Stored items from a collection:
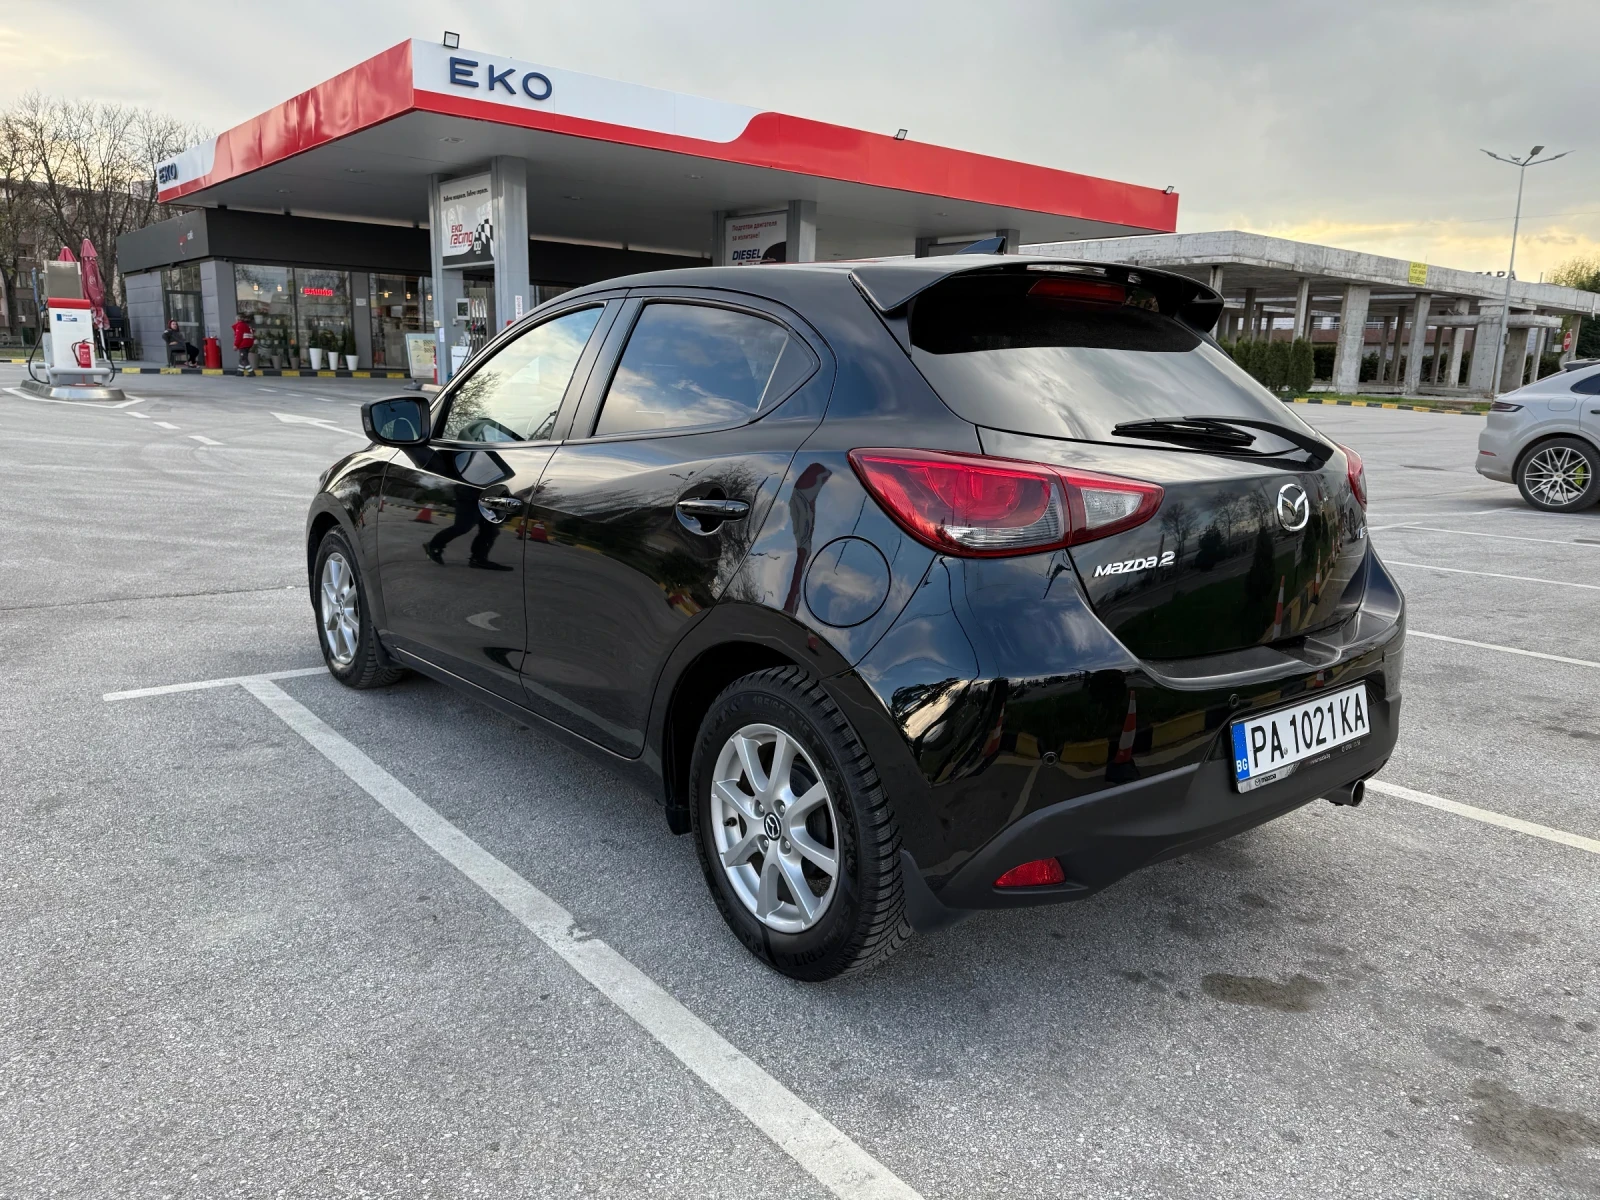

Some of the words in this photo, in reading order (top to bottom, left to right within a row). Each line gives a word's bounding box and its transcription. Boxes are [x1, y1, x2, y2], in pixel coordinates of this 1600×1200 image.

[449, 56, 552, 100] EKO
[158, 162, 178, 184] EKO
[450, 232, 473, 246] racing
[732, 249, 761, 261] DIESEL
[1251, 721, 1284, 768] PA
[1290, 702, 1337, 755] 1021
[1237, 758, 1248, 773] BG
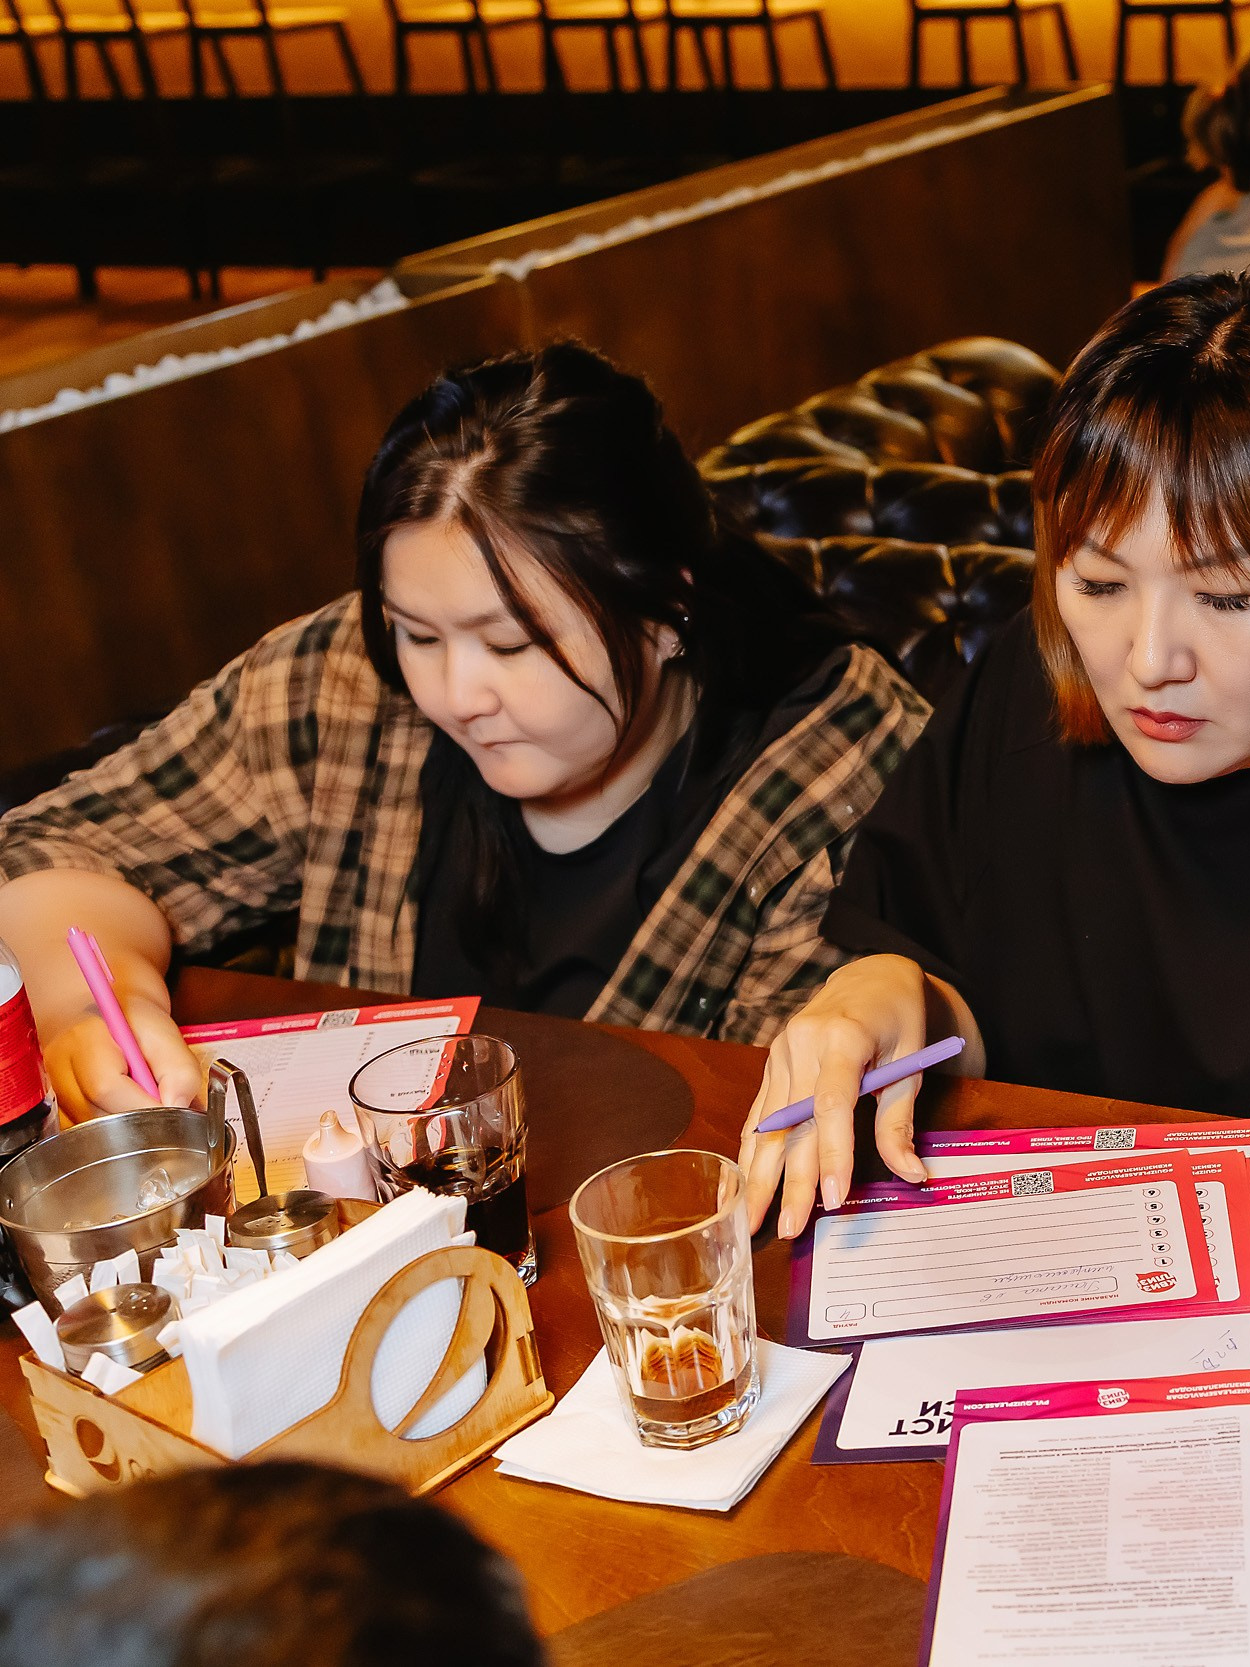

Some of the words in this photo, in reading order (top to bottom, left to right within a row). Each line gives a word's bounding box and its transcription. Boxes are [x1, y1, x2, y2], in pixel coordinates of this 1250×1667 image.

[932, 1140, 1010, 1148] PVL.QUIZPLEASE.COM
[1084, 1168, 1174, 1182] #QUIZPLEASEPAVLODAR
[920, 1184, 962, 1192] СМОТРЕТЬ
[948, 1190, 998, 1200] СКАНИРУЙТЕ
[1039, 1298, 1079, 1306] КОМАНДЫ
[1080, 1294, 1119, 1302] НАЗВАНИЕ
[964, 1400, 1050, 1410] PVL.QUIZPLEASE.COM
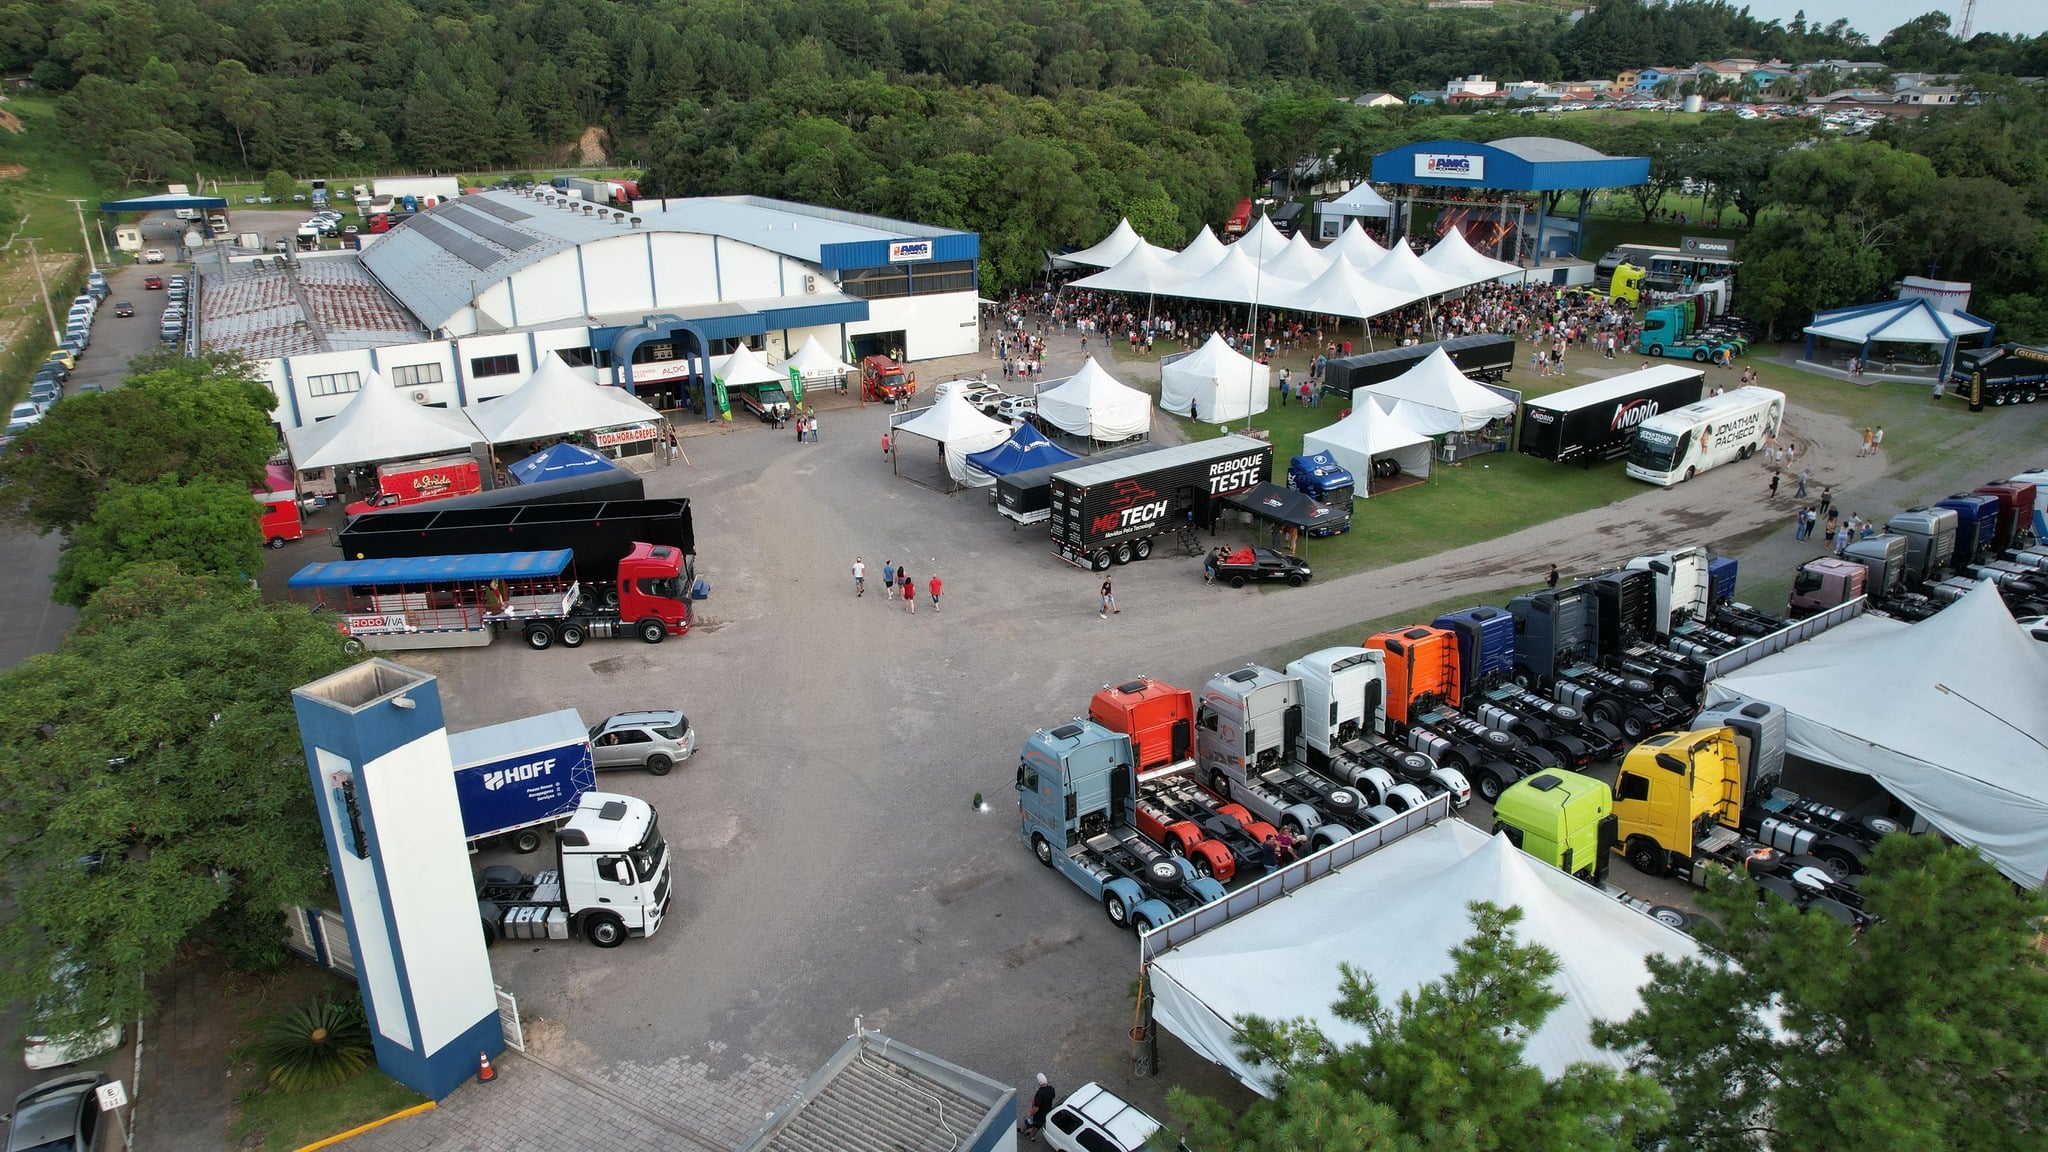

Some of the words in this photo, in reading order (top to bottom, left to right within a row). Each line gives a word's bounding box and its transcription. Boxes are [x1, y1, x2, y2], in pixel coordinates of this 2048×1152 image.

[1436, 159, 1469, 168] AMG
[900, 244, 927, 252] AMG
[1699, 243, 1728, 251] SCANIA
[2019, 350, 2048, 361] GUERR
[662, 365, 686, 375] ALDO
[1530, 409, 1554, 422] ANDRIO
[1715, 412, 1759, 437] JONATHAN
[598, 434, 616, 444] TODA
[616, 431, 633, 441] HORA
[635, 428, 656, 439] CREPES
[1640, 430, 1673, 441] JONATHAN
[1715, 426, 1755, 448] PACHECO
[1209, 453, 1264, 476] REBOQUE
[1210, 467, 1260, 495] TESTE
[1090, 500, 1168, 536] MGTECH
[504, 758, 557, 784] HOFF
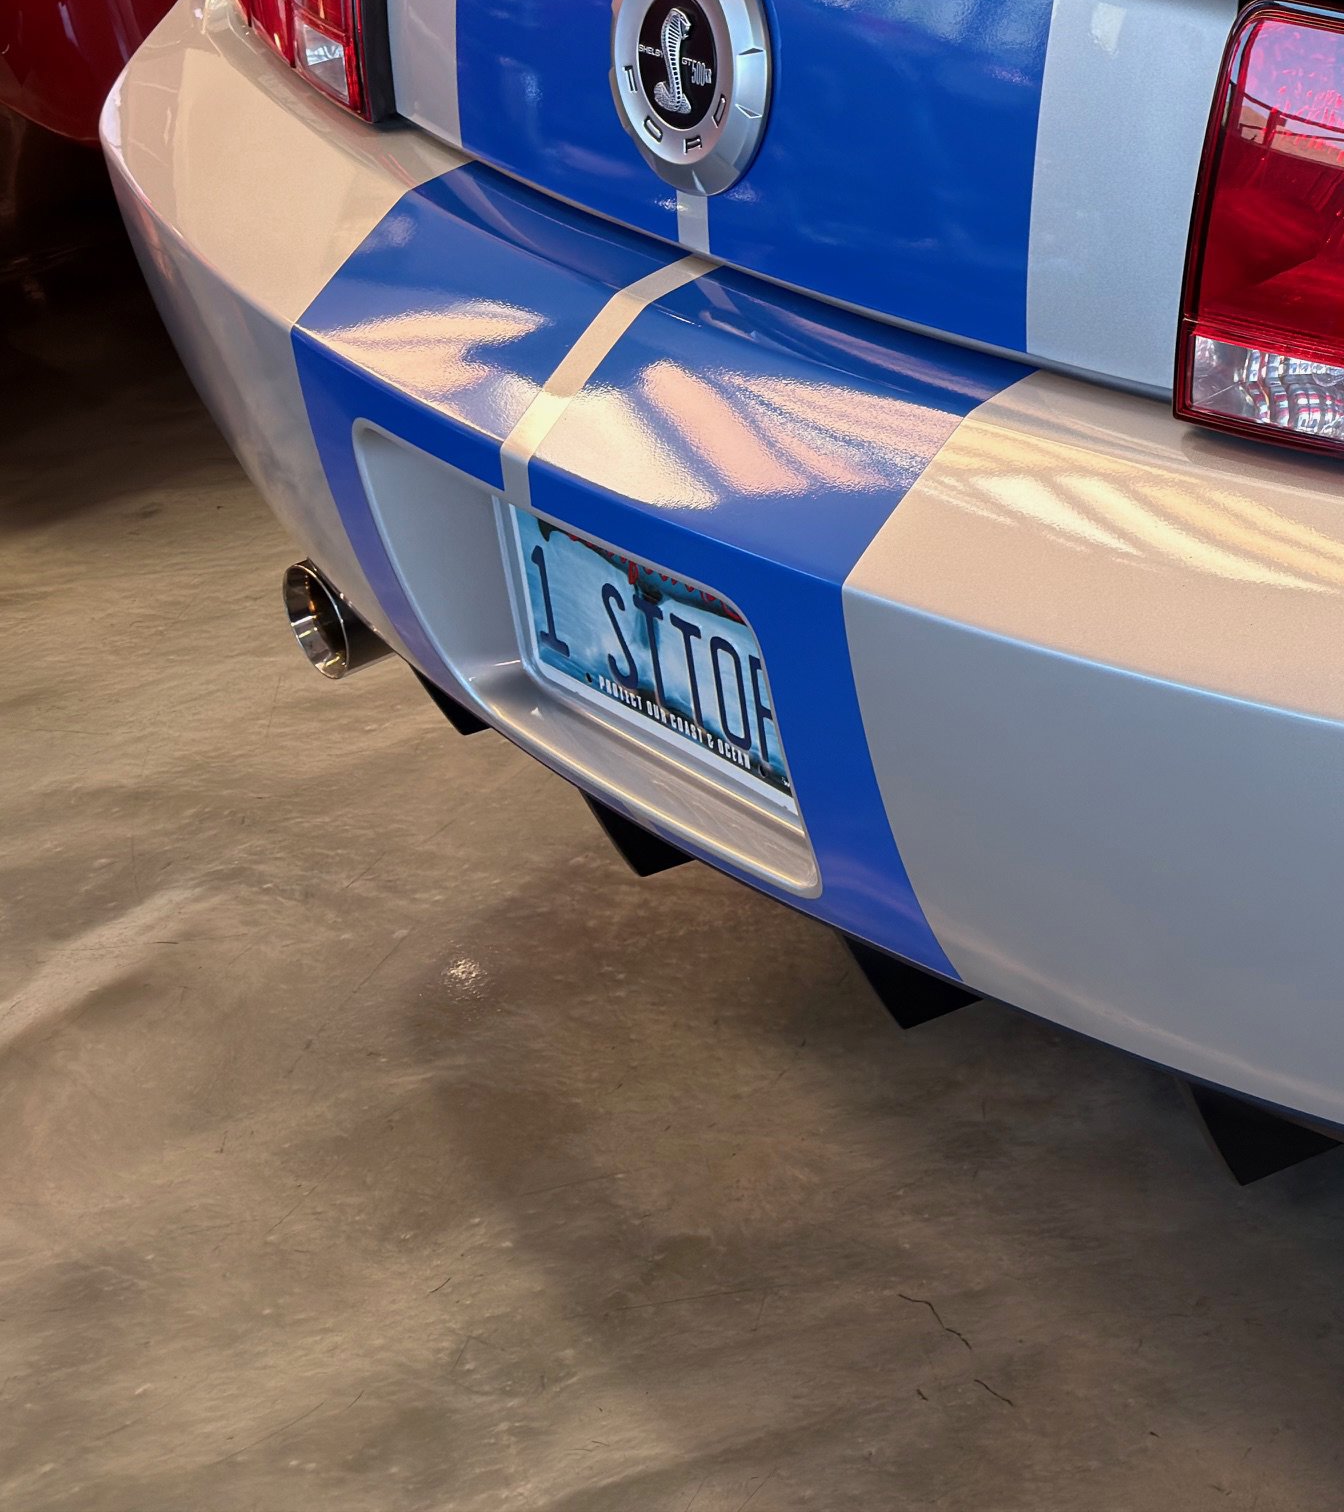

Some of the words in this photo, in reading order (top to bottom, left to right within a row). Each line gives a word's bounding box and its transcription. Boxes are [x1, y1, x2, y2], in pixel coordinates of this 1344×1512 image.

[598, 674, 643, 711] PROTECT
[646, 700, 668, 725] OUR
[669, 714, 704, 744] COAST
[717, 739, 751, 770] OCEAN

Work instruction. Output only the lines from the one holding "this 1344×1512 image." through the last line above, exactly as they appear.

Response.
Some of the words in this photo, in reading order (top to bottom, left to right within a row). Each line gives a word's bounding box and its transcription. Boxes are [x1, y1, x2, y2], in pixel coordinates of this 1344×1512 image.

[598, 674, 643, 711] PROTECT
[646, 700, 668, 725] OUR
[669, 714, 704, 744] COAST
[717, 739, 751, 770] OCEAN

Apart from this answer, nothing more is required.